Supplied data:
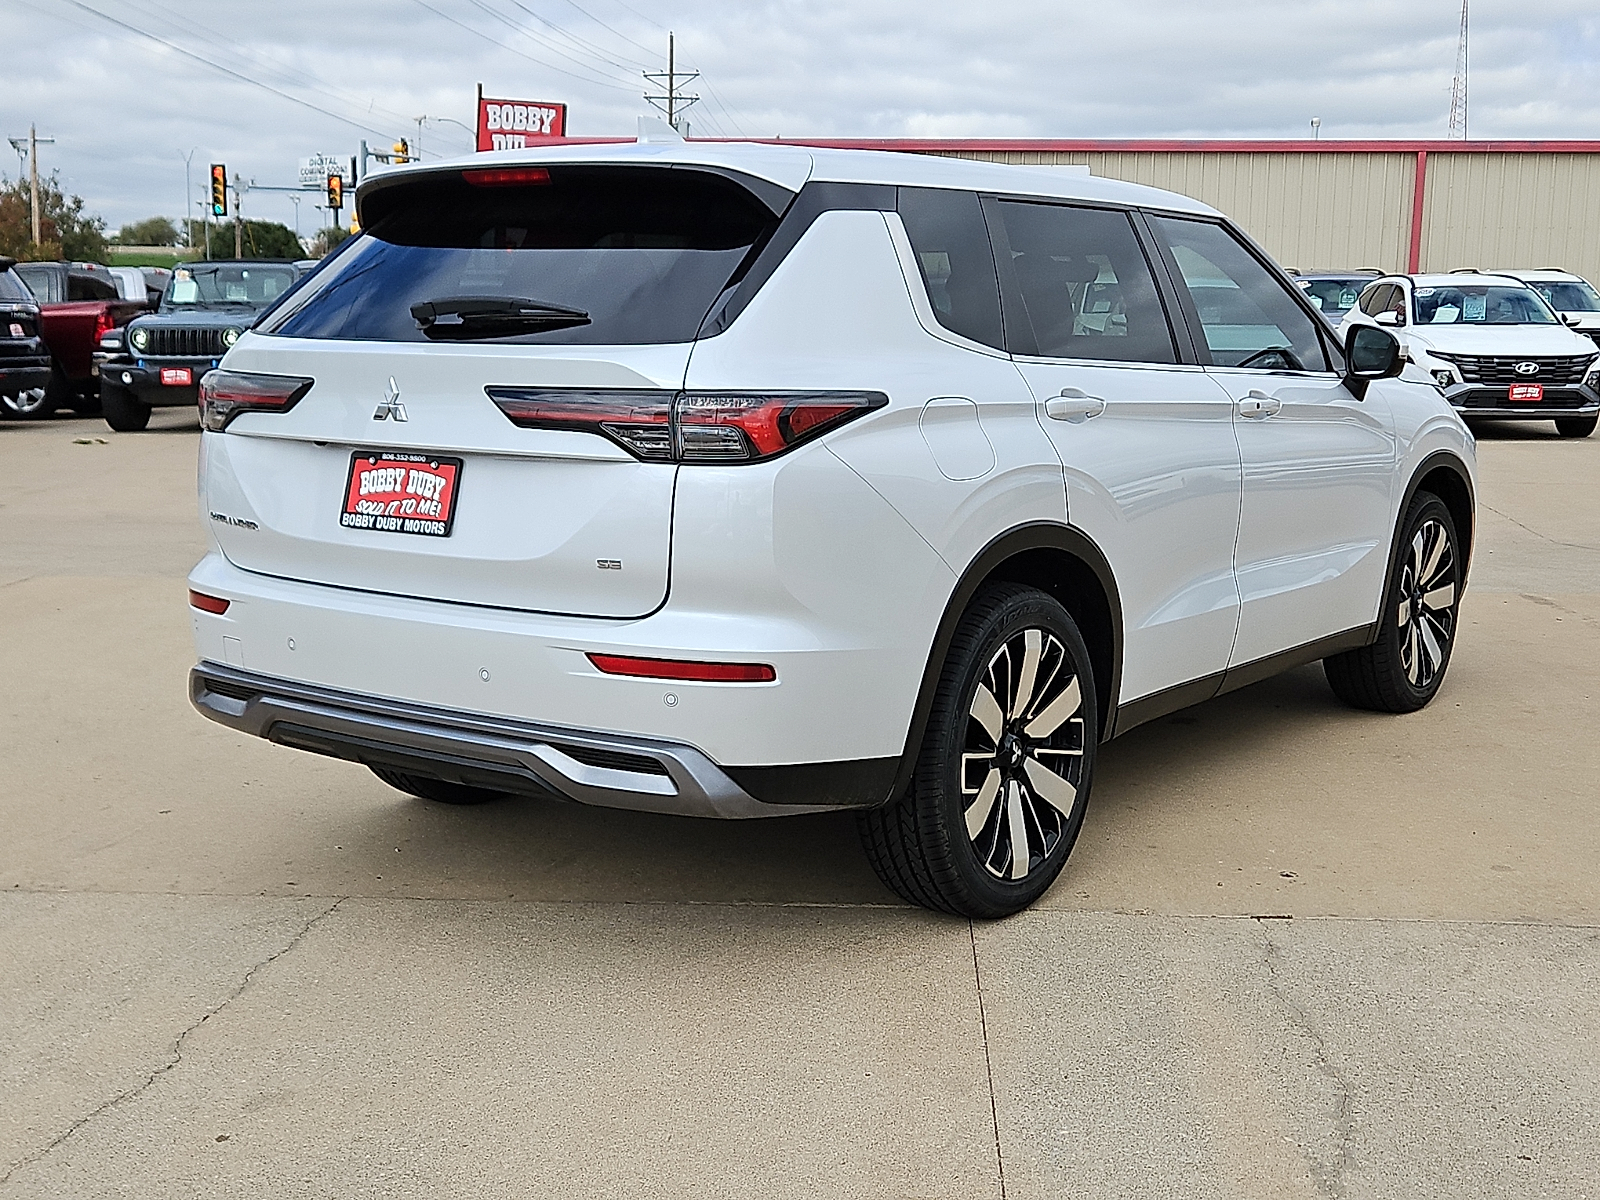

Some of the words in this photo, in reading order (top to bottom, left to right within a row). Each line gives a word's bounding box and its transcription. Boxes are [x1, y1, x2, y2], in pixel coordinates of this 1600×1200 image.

[486, 104, 556, 133] BOBBY
[309, 157, 337, 166] DIGITAL
[301, 167, 325, 175] COMING
[360, 468, 405, 495] BOBBY
[406, 469, 446, 500] DUBY
[355, 500, 385, 515] SOLD
[385, 500, 400, 516] IT
[400, 499, 416, 515] TO
[417, 499, 442, 517] ME!
[342, 513, 375, 527] BOBBY
[376, 517, 402, 530] DUBY
[404, 519, 446, 534] MOTORS
[596, 560, 622, 569] SE

Brief: Each entry above must be restated word for word; the pictures stay out of the copy.

Result of the exercise:
Some of the words in this photo, in reading order (top to bottom, left to right within a row). Each line gives a word's bounding box and its transcription. Boxes are [x1, y1, x2, y2], in pixel coordinates of this 1600×1200 image.

[486, 104, 556, 133] BOBBY
[309, 157, 337, 166] DIGITAL
[301, 167, 325, 175] COMING
[360, 468, 405, 495] BOBBY
[406, 469, 446, 500] DUBY
[355, 500, 385, 515] SOLD
[385, 500, 400, 516] IT
[400, 499, 416, 515] TO
[417, 499, 442, 517] ME!
[342, 513, 375, 527] BOBBY
[376, 517, 402, 530] DUBY
[404, 519, 446, 534] MOTORS
[596, 560, 622, 569] SE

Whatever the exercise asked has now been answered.